How do your peers choose their CDP? Surveyed marketers rate their most important capabilities and benefits.


  1. Collect data from all sources (80% of surveyed marketers)
  2. Powerful identity matching and management (57%)
  3. Nontechnical users can extract customer segments (43%)
  4. Deliver customer profiles to other systems in real-time (41%)
  5. Coordinate customer treatments across channels (40%)
  6. Support compliance with privacy regulations (30%)
  7. Retain full detail of all collected data (28%)
  8. Deliver offer/product recommendations in real-time (27%)
  9. Nontechnical users can create predictive models (19%)

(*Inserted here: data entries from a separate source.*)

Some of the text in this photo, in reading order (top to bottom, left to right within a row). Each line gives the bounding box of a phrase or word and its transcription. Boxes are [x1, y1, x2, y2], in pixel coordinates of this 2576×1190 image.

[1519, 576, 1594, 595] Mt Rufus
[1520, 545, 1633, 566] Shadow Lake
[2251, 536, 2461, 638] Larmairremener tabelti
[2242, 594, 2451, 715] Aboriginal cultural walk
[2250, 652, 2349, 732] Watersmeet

  1. Unified customer view (79% of surveyed marketers)
  2. Improved data analysis and segmentation (64%)
  3. Improved orchestration of customer treatments across channels (52%)
  4. Improved message selection and personalization (46%)
  5. Improved predictive modeling and recommendations (45%)
  6. Less time spent on data management (31%)
  7. Access to otherwise unavailable data (27%)
  8. Faster response to changing data management needs (23%)
  9. Less reliance on IT resources (21%)
  10. Improved message delivery (15%)

State of Customer Data Management (September 2020), Customer Data Platform Institute Each stat indicates the percentage of survey participants that identified each specific capability and benefit as important.

Your Turn

businesses need to deliver exceptional customer experiences, or else they risk losing the customer for good. In the end, it all boils down to honoring individual preferences and behaviors — something marketers can’t do with limited access to customer data and scattershot campaign approaches.

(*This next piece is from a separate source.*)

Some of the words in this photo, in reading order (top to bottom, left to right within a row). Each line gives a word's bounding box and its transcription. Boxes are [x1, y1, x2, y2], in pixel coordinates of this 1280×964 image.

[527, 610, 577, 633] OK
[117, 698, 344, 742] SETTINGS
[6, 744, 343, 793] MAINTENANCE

Reasonably, you can’t do that at scale without the adequate tools. With that in mind, investing in a customer data platform to collect, manage and extract value from first-party customer data is the next best step that a retail organization can take to withstand the changing marketing landscape as third-party cookies phase-out.

As you honor every customer, they’ll honor you back with their dollars. No third-party cookies are required.